Time-Reversal Symmetry-Protected Coherent Control of Ultracold Molecular Collisions
Adrien Devolder, Timur V. Tscherbul, Paul Brumer

TL;DR
This paper demonstrates that time-reversal symmetry can protect coherent control of ultracold molecular collisions from partial wave scrambling and energy distribution issues, enabling robust manipulation even in complex, anisotropic systems.
Contribution
It introduces a novel approach leveraging time-reversal symmetry to enhance coherent control in ultracold molecular collisions, overcoming previous limitations due to complex dynamics.
Findings
Control is robust against partial wave scrambling.
Time-reversal symmetry protects control across energy distributions.
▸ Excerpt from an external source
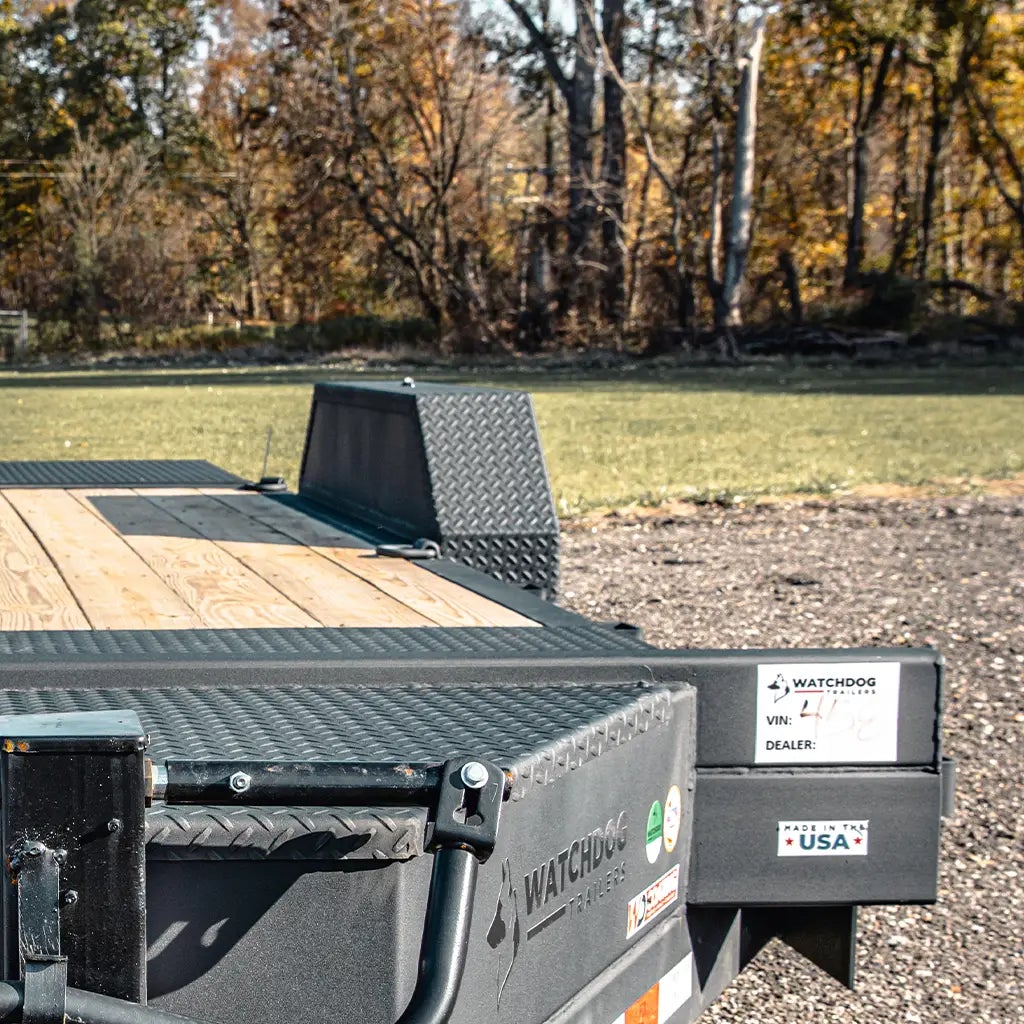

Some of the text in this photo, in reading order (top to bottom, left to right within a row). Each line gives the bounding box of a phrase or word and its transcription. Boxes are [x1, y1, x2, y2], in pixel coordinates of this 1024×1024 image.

Control is more feasible in trap experiments than in crossed-molecular beams.
Abstract
Coherent control of atomic and molecular scattering relies on the preparation of colliding particles in superpositions of internal states, establishing interfering pathways that can be used to tune the outcome of a scattering process. However, incoherent addition of different partial wave contributions to the integral cross sections (partial wave scrambling), commonly encountered in systems with complex collisional dynamics, poses a significant challenge, often limiting control. This work demonstrates that time-reversal symmetry can overcome these limitations by constraining the relative phases of S-matrix elements, thereby protecting coherent control against partial wave scrambling, even for collisions mediated by highly anisotropic interactions. Using the example of ultracold O-O scattering, we show that coherent control is robust against short-range dynamical complexity.…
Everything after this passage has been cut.